Quatro seriam dos desfechos mais controversos da desindustrialização das economias.  

A globalização e o comércio mundial seriam penalizados, uma vez que os serviços são preponderantemente “non-tradables”.  

Simultaneamente, a demanda de bens industrializados estaria perdendo fôlego por diversos fatores: saturação dos mercados mundiais, baixa elasticidade-renda por seus produtos, envelhecimento da população, etc.. As mesmas variáveis redundariam em um forte dinamismo na procura pela oferta proporcionada pelos serviços, fato que explicaria a crescente transformação das nossas sociedades em economias de serviços.   Sucede que essa saturação estaria induzindo a uma incessante guerra comercial pela conquista de um mercado mundial (de bens industrializados) cada vez menos dinâmico pelo lado da demanda e, simultaneamente, uma oferta crescente pelos ganhos de produtividade. Essa guerra forçaria aos gestores de política a apelar à utilização das taxas de câmbio, ao sistema tributário/subsídios e à redução de custos (via flexibilização da legislação trabalhista, por exemplo) a fim de conquistar ou manter a participação nos mercados mundiais de bens manufaturados.  

Uma vez que os serviços não seriam tão dinâmicos no tocante a ganhos de produtividade, essa idiossincrasia teria um corolário quase direto no mercado de trabalho.  A outra face da baixa produtividade seriam postos de trabalho que requerem trabalho não qualificado e, conseqüentemente, que pagam baixos salários. O “wageless growth” das últimas décadas seria uma das seqüelas da transformação da economia mundial em uma economia de serviços.

Por último, o quarto desfecho não desejável seria o comprometimento, no longo prazo, do crescimento potencial.  O setor agora mais dinâmico (os serviços), com seu anêmico aumento na produtividade, acabaria contaminando toda a economia, fato que explicaria a redução nos ganhos de produtividade quando a base de comparação são os supostos anos dourados da industrialização (entre o fim da segunda guerra mundial e o segundo choque do petróleo).

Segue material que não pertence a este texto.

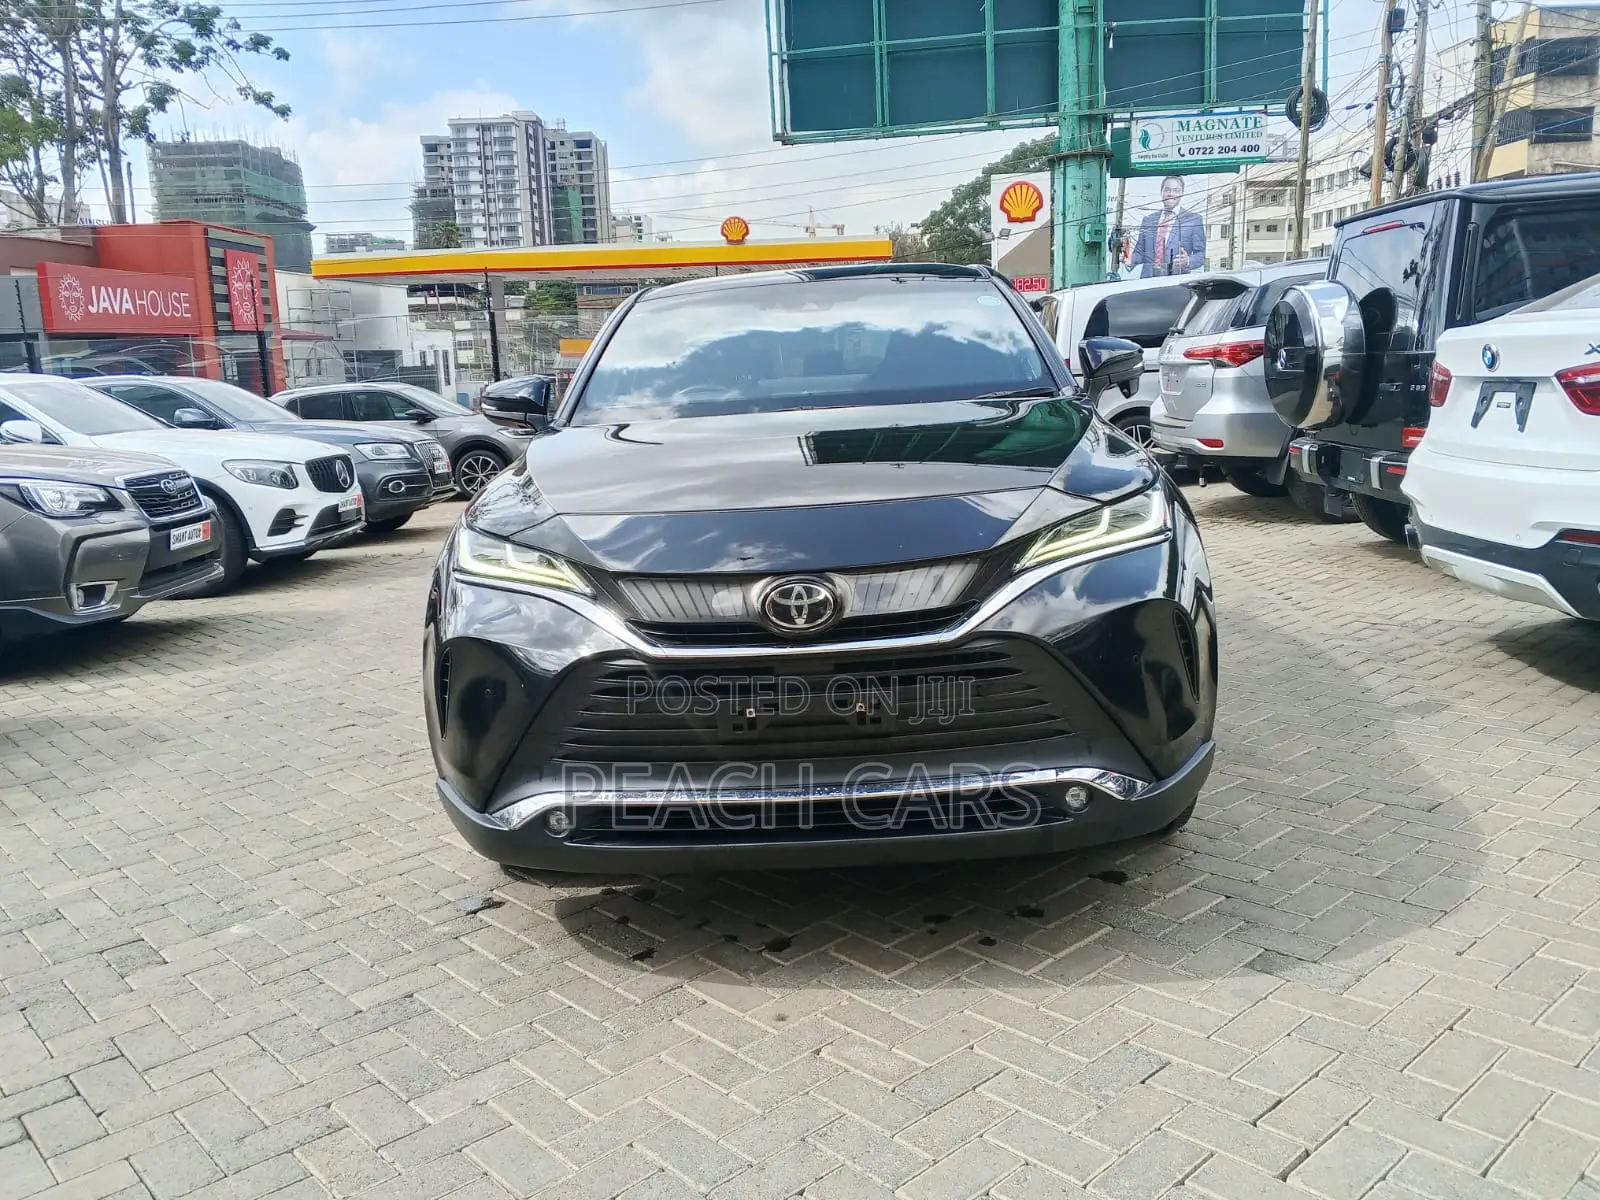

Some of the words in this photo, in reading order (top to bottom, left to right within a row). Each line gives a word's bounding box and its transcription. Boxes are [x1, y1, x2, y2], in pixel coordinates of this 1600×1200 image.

[1176, 116, 1263, 133] MAGNATE
[1175, 132, 1223, 143] VENTURES
[1188, 146, 1215, 156] 0722
[1217, 145, 1237, 155] 204
[1239, 143, 1260, 153] 400
[88, 285, 135, 314] JAVA
[134, 288, 192, 318] HOUSE
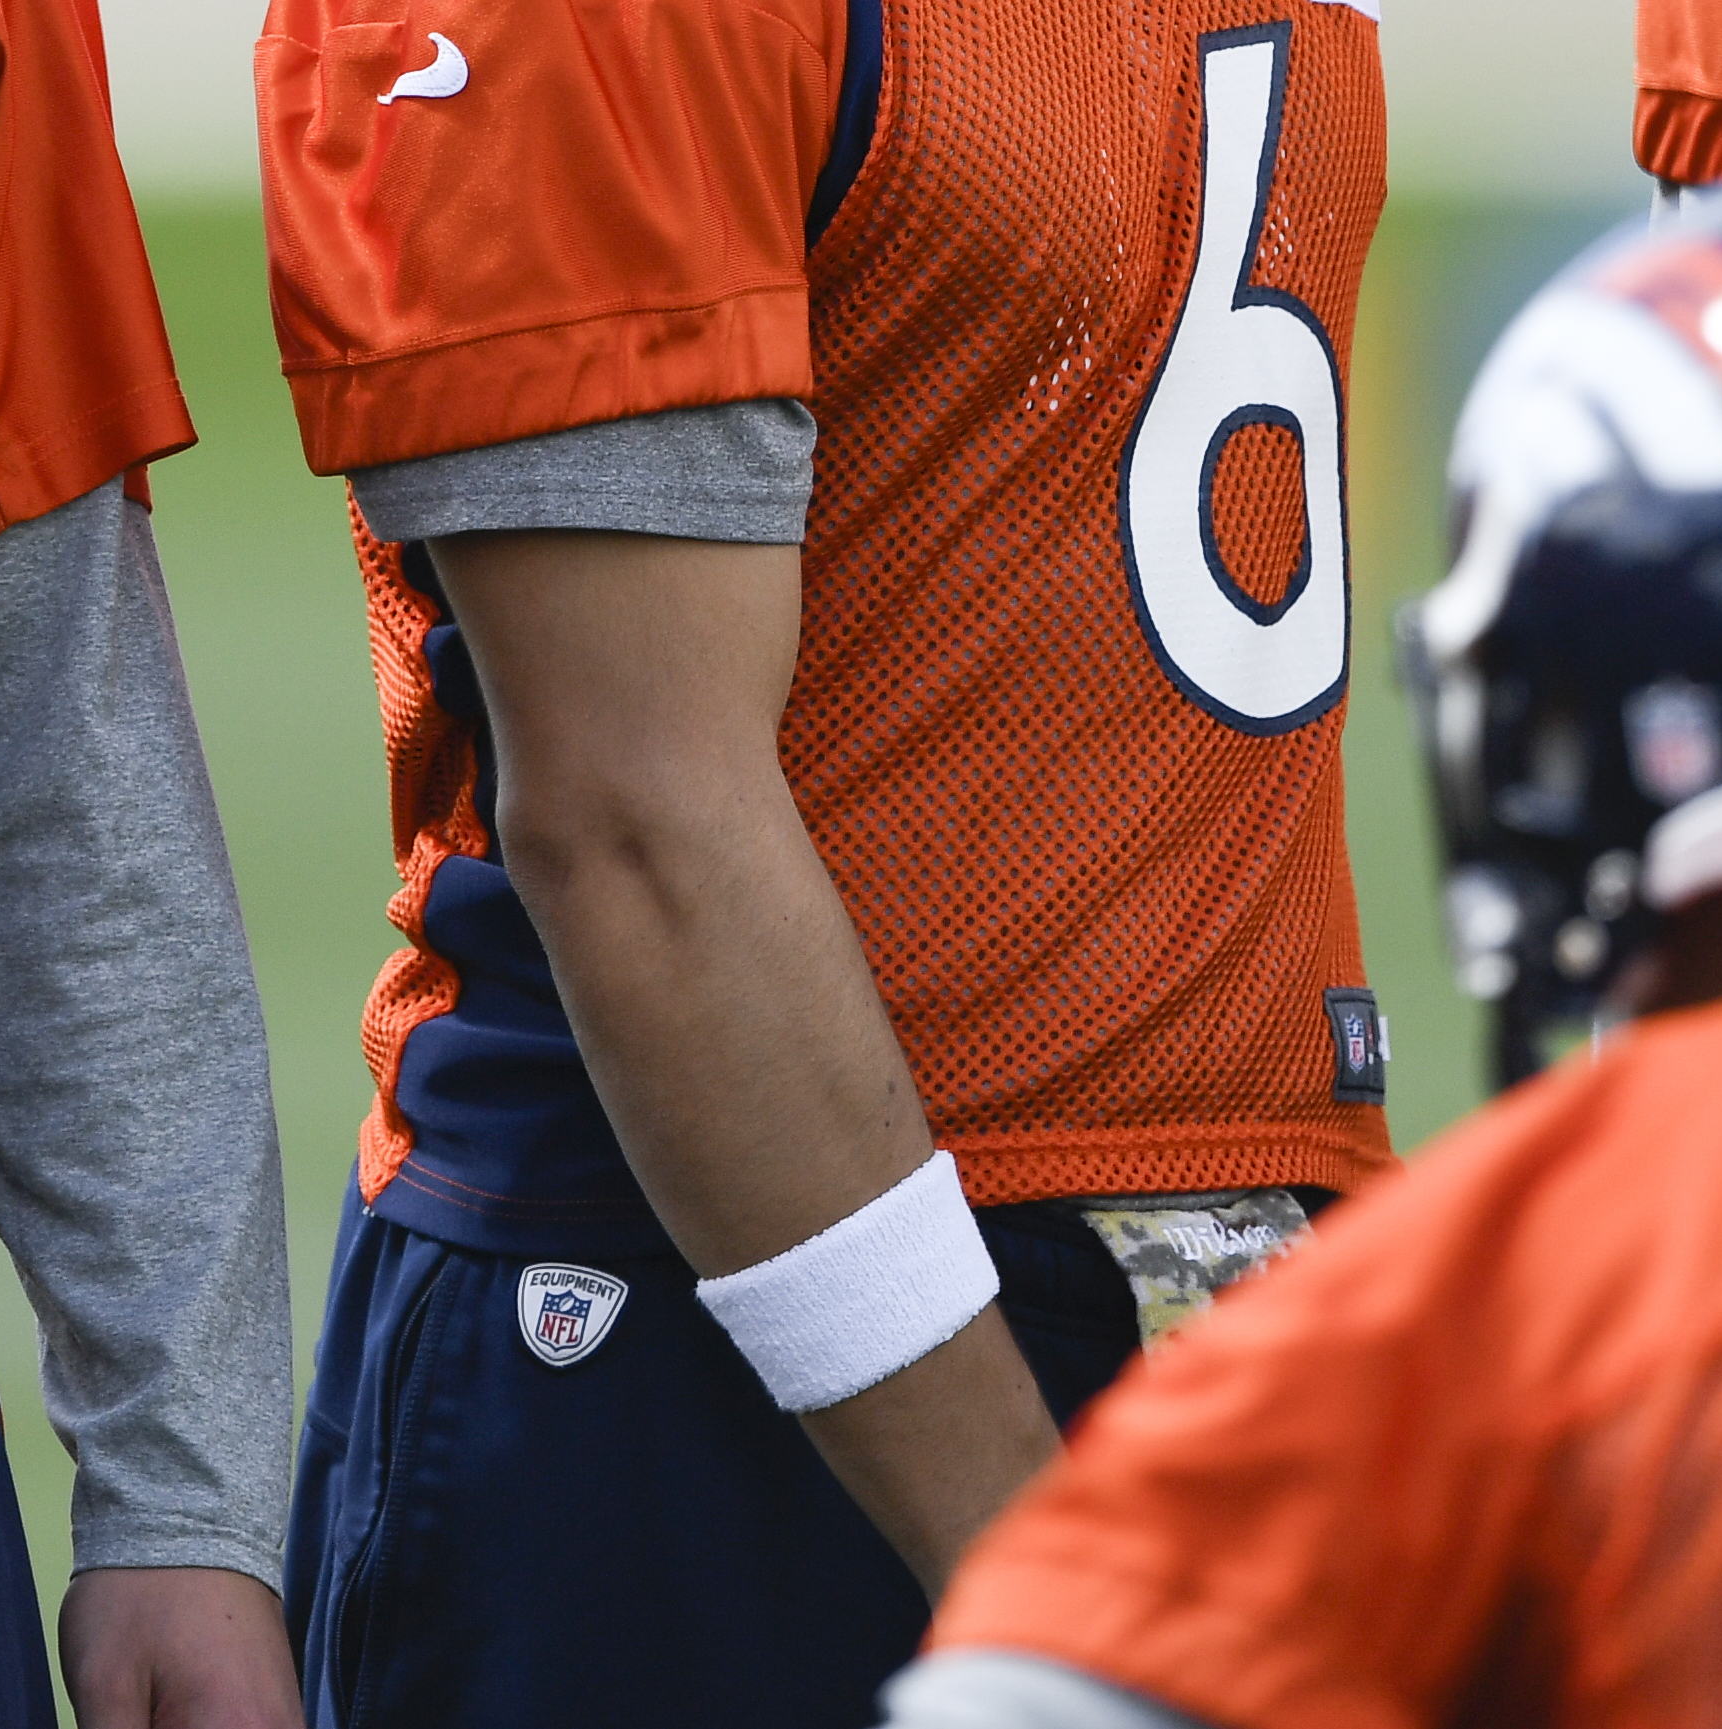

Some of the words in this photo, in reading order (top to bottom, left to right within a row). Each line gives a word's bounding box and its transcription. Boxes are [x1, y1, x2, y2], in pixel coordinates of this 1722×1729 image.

Resumindo, para o Departamento de Pesquisas do Natixis, na paulatina substituição do antigo núcleo dinâmico centrado na indústria de transformação pelo setor serviços estaria a raiz da maioria das disfuncionalidades que hoje singularizam a economia mundial.  Diagnóstico reducionista e simplista, mas com um algum apelo intuitivo e que goza de certo prestígio em nichos acadêmicos e instituições que defendem posições corporativas.

A análise divulgada pelo Natixis apresenta uma série de fragilidades que podem ser identificadas sem fazer apelo a sofisticados modelos teóricos ou a primorosas técnicas econométricas. Sem pretender esgotar o tema, vamos mencionar algumas delas.

Quando compara as trajetórias temporais, na maioria dos gráficos apresentados no informe a seus clientes, o Natixis segmenta setorialmente a economia em dois setores: indústria/não-indústria.  Um primeiro aspecto que não contribui para tornar o debate mais robusto empiricamente diz respeito a uma agregação um pouco esdrúxula, uma vez que tudo o que é não-indústria seria sinônimo de serviços, fusão pouco rigorosa tecnicamente.  Porém, assumamos que tudo o que é não-indústria seja serviços. Mesmo nesse caso, estaríamos diante de um conjunto tão heterogêneo que uma média seria pouco representativa do todo. Mencionamos em nosso artigo anterior neste Blog que o setor denominado serviços agrupa uma diversidade de segmentos que vão desde atividades umbilicalmente vinculadas à indústria de transformação, oferta comercializável nos mercados mundiais até mesmo aqueles subsetores que popularmente são assimilados ao setor terciário (fast-foods, serviços pessoais, etc.).  Ao avaliar o comportamento (em termos de PIB, produtividade, emprego, salários, etc.) de um aglomerado tão multifacetado vis-à-vis à indústria de transformação os resultados pouco elucidam.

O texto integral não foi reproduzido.